Il m'arrive des fois, de m'allonger sur mon lit pour méditer un peu avant d'invoquer et de complètement m'abandonner entre les bras de Morphée. Généralement, ce moment arrive tard dans la nuit ou tôt le matin. Selon votre propre perception de l'heure et du temps.
En fermant mes yeux, je laisse la voix de mon Gouru m'apaiser, me guider puis me transporter loin de mon corps et j'aime cette sensation. Des fois, je ressens des frissons m'envahir depuis le bout des orteils. Ces sensations qui vous sèchent la bouche et les lèvres. Toutes les lèvres.
Je ressens aussi, une énergie me transpercer les entrailles, comme si, je n'étais plus seule. Comme si, je recueillais une différente énergie en moi. Forte, trépidante et intense.
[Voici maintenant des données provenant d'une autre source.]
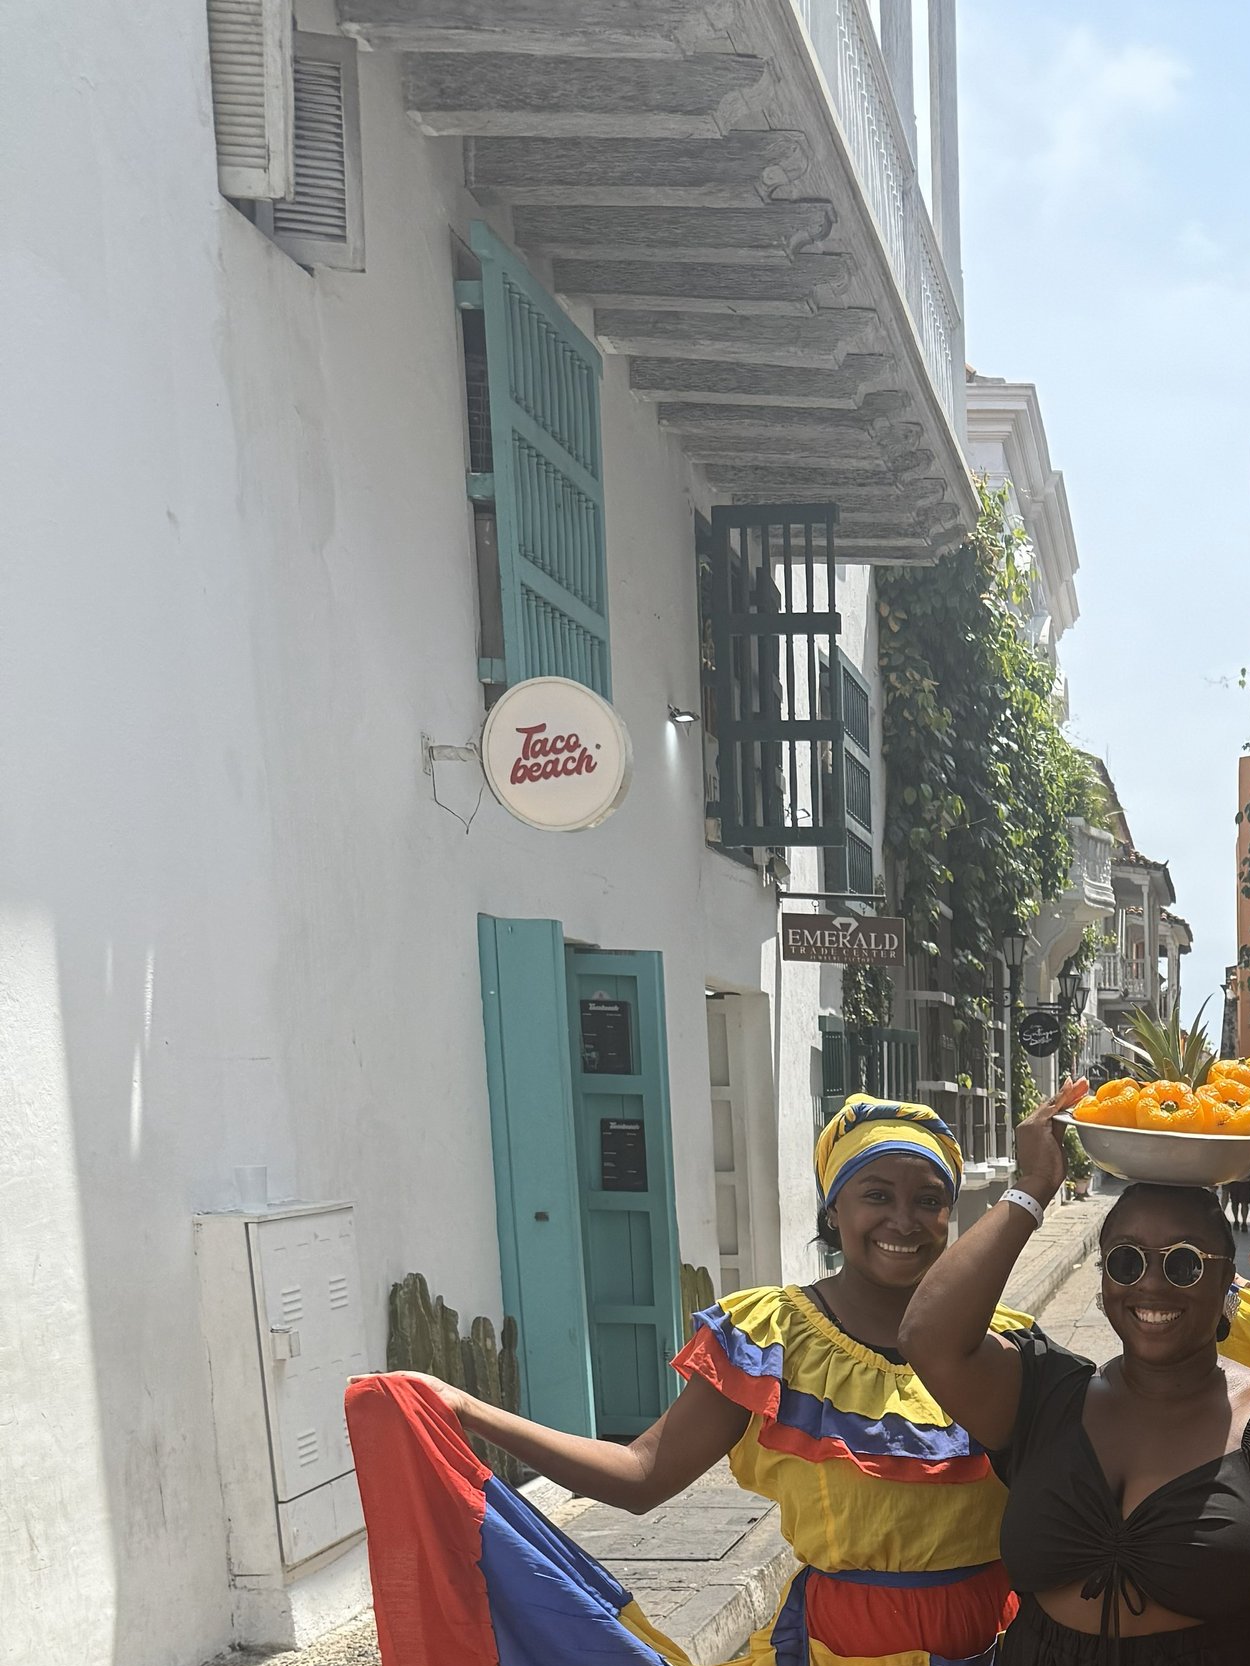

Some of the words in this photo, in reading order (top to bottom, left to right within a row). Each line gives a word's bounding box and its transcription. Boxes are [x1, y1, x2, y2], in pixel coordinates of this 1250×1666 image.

Avec un peu de concentration, je présume entendre une voix sensuelle me murmurer des mots à l’oreille et j’en ris.
Je tente de me concentrer sur cette voix pour la distinguer, où l’avais-je entendue auparavant ? Pourquoi et comment est-il possible de me couper de mon monde et de me faire tant d’effet ?
Cette voix, je la reconnais. C’est celle d'un amant de mon passé.
Notre amourette était charnelle avant de devenir platonique, il y'a plus d'une dizaine d'années.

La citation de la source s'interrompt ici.